With this in mind, scientists from MIT’s Computer Science and Artificial Intelligence Laboratory (CSAIL) created “VISTA 2.0,” a data-driven simulation engine where vehicles can learn to drive in the real world and recover from near-crash scenarios. What’s more, all of the code is being released open-source to the public.

“Today, only companies have software like the type of simulation environments and capabilities of VISTA 2.0, and this software is proprietary. With this release, the research community will have access to a powerful new tool for accelerating the research and development of adaptive robust control for autonomous driving,” says the senior author of a paper about the research, MIT Professor and CSAIL Director Daniela Rus.

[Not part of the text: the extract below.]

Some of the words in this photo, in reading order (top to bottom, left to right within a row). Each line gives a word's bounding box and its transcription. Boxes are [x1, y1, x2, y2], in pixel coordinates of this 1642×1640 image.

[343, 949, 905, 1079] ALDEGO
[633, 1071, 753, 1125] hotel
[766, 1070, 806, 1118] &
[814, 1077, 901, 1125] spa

VISTA is a data-driven, photorealistic autonomous driving simulator. It can simulate not only live video, but also LiDAR data and event cameras, and also include other simulated vehicles to model complex driving situations. VISTA is open source and the code can be found below.

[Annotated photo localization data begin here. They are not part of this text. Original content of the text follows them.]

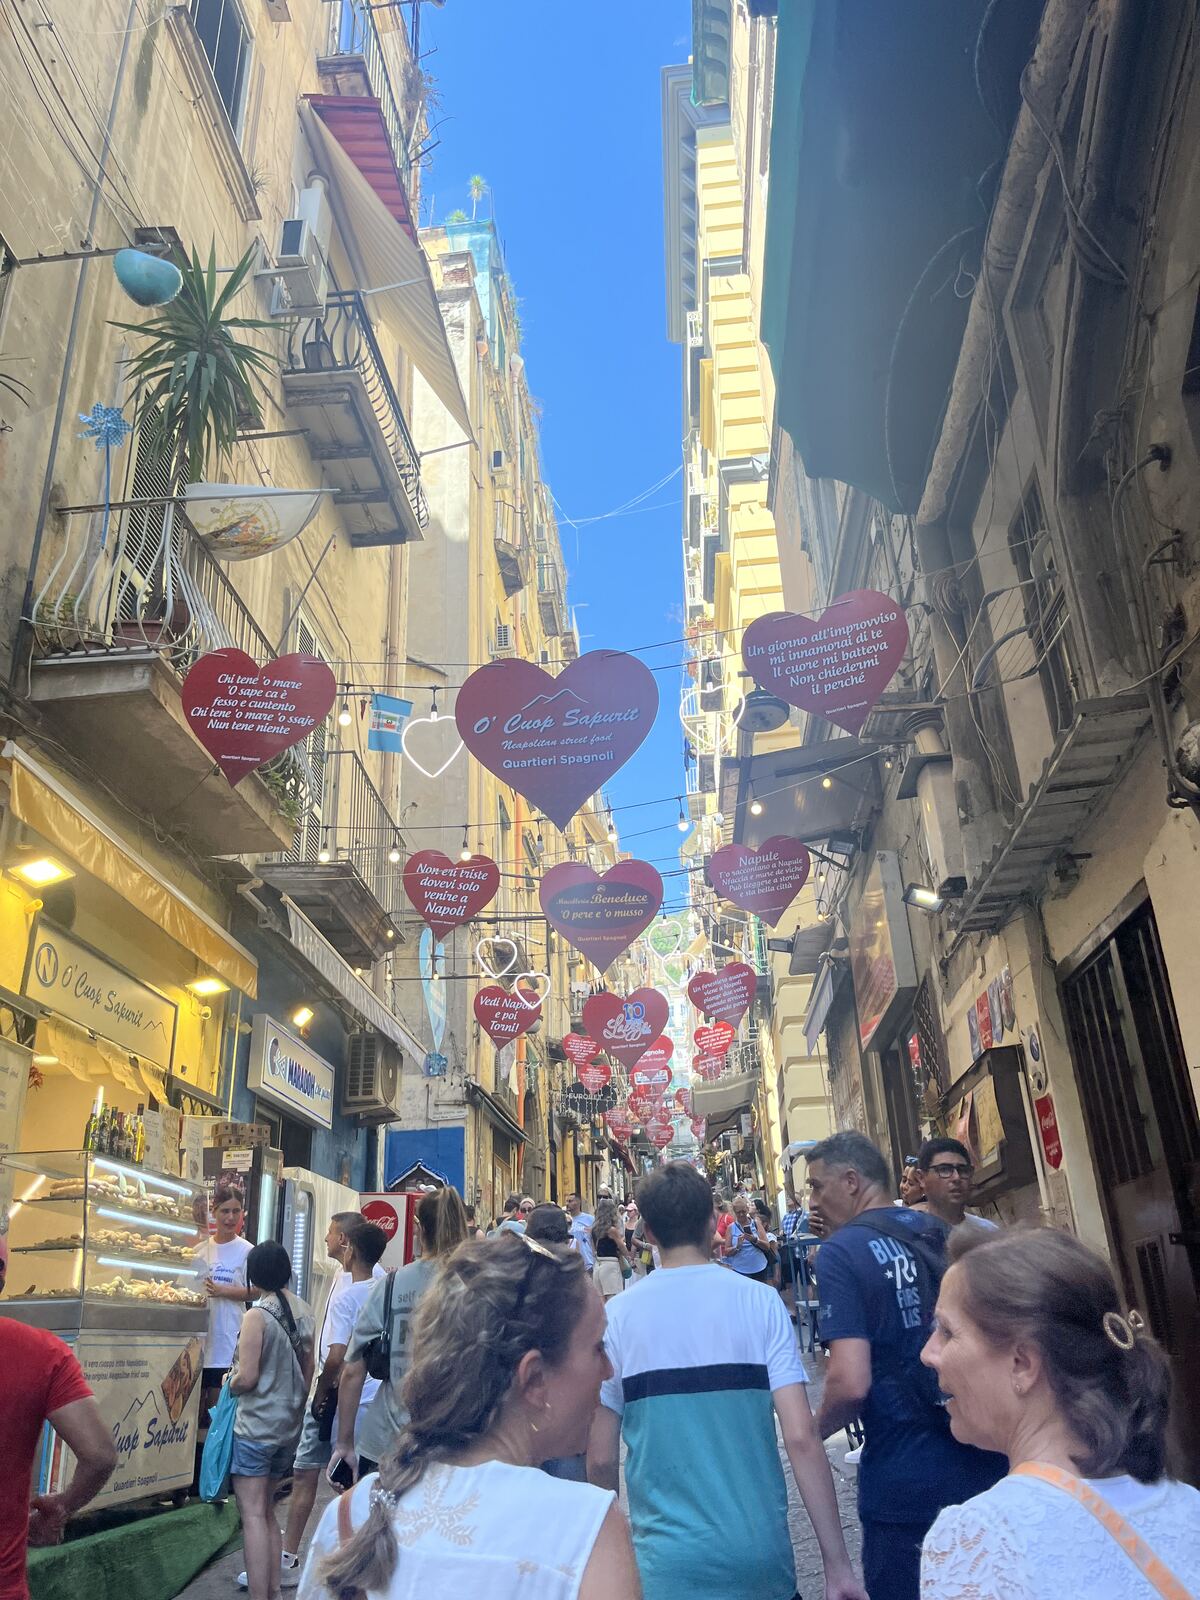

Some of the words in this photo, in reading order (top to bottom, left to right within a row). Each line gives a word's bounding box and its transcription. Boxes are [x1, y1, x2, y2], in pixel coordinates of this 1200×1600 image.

[747, 646, 765, 657] Un
[768, 637, 808, 655] giorno
[811, 612, 897, 643] all'improvviso
[769, 653, 786, 666] mi
[788, 636, 854, 660] innamorai
[856, 632, 868, 644] di
[871, 629, 884, 640] te
[785, 661, 820, 675] cuore
[822, 653, 839, 666] mi
[841, 641, 889, 661] batteva
[790, 674, 816, 687] Non
[818, 655, 880, 680] chiedermi
[217, 673, 234, 684] Chi
[236, 675, 258, 685] tene
[262, 676, 270, 686] 'o
[272, 680, 302, 690] mare
[811, 684, 821, 695] il
[824, 672, 866, 695] perché
[227, 685, 237, 696] 'O
[239, 688, 264, 699] sape
[265, 690, 278, 699] ca
[280, 689, 288, 700] è
[211, 697, 239, 708] fesso
[239, 700, 247, 708] e
[248, 699, 296, 712] cuntento
[190, 706, 208, 717] Chi
[209, 708, 231, 718] tene
[235, 709, 243, 718] 'o
[244, 711, 274, 721] mare
[278, 713, 286, 722] 'o
[287, 716, 315, 727] ssaje
[473, 715, 497, 734] O'
[503, 713, 556, 735] Cuop
[562, 707, 641, 729] Sapurit
[206, 719, 229, 730] Nun
[231, 721, 254, 732] tene
[255, 723, 290, 735] niente
[501, 739, 558, 751] Neapolitan
[559, 736, 588, 746] street
[589, 732, 614, 745] food
[502, 755, 557, 769] Quartieri
[560, 751, 614, 765] Spagnoli
[739, 851, 780, 867] Napule
[778, 858, 803, 867] Napule
[416, 863, 439, 875] Non
[441, 868, 457, 877] eri
[459, 868, 489, 881] triste
[419, 876, 457, 890] dovevi
[457, 881, 480, 892] solo
[424, 890, 459, 902] venire
[460, 895, 469, 904] a
[590, 892, 648, 904] Beneduce
[424, 901, 467, 917] Napoli
[572, 911, 594, 921] pere
[604, 908, 612, 918] 'o
[613, 909, 645, 918] musso
[74, 971, 102, 1008] Cuop
[104, 990, 144, 1028] Sapurit
[479, 995, 501, 1007] Vedi
[501, 1011, 518, 1021] poi
[489, 1020, 520, 1033] Torni!
[143, 1417, 190, 1453] Sapurit

VISTA 2.0, which builds on the team’s previous model, VISTA, is fundamentally different from existing AV simulators because it is data-driven. That means it’s created and photo-realistically rendered from real-world data — thus enabling a direct transfer to reality. While the initial iteration only supported single-lane vehicle following with a single camera sensor, achieving high-fidelity data-driven simulation required rethinking the fundamentals of how different sensors and behavioral interactions can be synthesized.

Enter VISTA 2.0: a data-driven system that can simulate complex sensor types and massive interactive scenarios and intersections at scale. Using much less data than previous models, the team was able to train autonomous vehicles that could be significantly more robust than those trained on large amounts of real-world data.

“This is a huge leap in data-driven simulation capabilities for autonomous vehicles, as well as increasing scale and the ability to handle greater driving complexity,” said Alexander Amini, a CSAIL PhD student and co-author of two new papers, along with fellow PhD student Tsun-Hsuan Wang. “VISTA 2.0 demonstrates the ability to simulate sensor data far beyond 2D RGB cameras, but also extremely high-dimensional 3D million-point lidars, time-incorrect event-based cameras, and even interactive and dynamic scenarios with other vehicles.”

The team of scientists was able to scale the complexity of interactive driving tasks for things like overtaking, following and negotiating, including multi-agent scenarios in highly photorealistic environments.

Since most of our data is (thankfully) just ordinary, everyday driving, training AI models for autonomous vehicles involves a hard-to-provide fodder of different varieties of edge cases and weird, dangerous scenarios. Logically, we can’t just crash into other cars just to teach a neural network how not to crash into other cars.

Recently, there has been a shift from more classical, human-designed simulation environments to ones built from real-world data. The latter have tremendous photorealism, but the former can easily model virtual cameras and lidars. With this paradigm shift, a key question arose: Can the richness and complexity of all the sensors that autonomous vehicles need, such as lidar and event-based cameras, which are more scarce, be accurately synthesized?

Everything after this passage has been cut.